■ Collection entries
┄┄┄┄┄┄┄┄┄┄

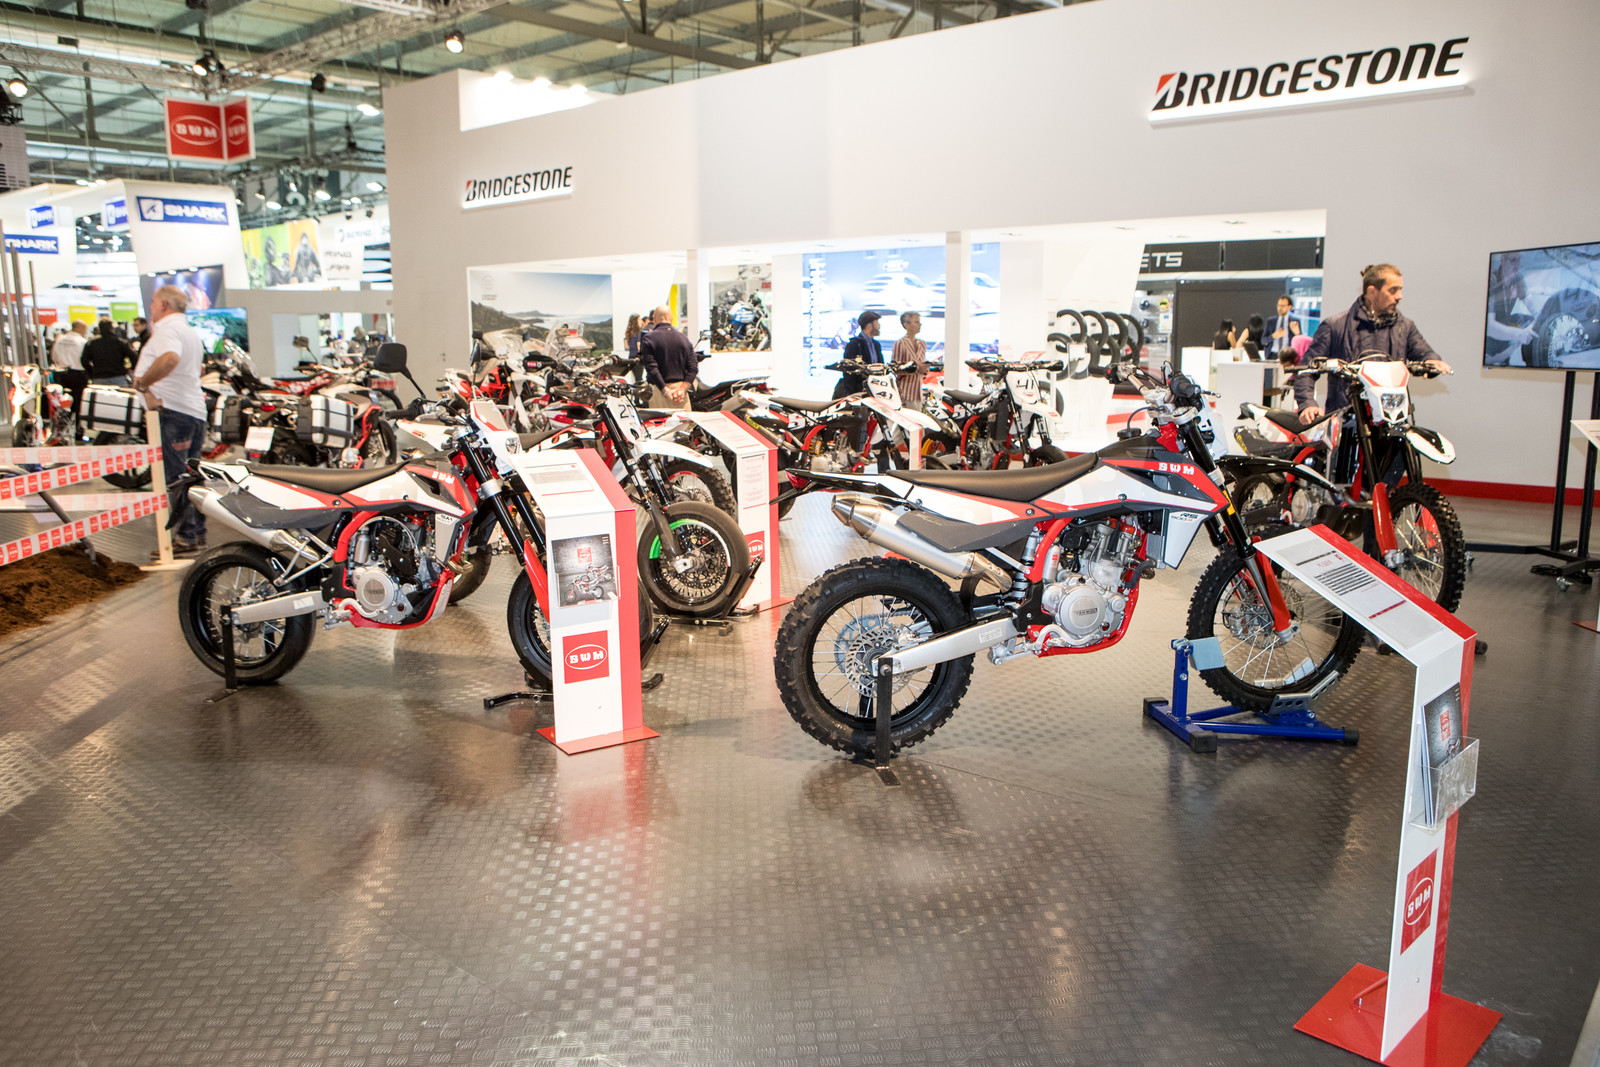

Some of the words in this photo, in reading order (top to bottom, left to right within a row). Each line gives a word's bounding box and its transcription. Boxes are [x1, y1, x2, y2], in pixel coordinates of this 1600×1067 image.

[1152, 37, 1469, 112] BRIDGESTONE
[175, 123, 218, 138] SWM
[465, 166, 573, 202] BRIDGESTONE
[164, 205, 226, 219] SHARK
[1158, 462, 1195, 476] SWM
[569, 650, 604, 664] SWM
[1407, 884, 1431, 918] SWM

┄┄┄┄┄┄┄┄┄┄

■ What the exercise asks
Every record must be set down again exactly; pictures do not belong in the copy.

■ Solved exercise
Some of the words in this photo, in reading order (top to bottom, left to right within a row). Each line gives a word's bounding box and its transcription. Boxes are [x1, y1, x2, y2], in pixel coordinates of this 1600×1067 image.

[1152, 37, 1469, 112] BRIDGESTONE
[175, 123, 218, 138] SWM
[465, 166, 573, 202] BRIDGESTONE
[164, 205, 226, 219] SHARK
[1158, 462, 1195, 476] SWM
[569, 650, 604, 664] SWM
[1407, 884, 1431, 918] SWM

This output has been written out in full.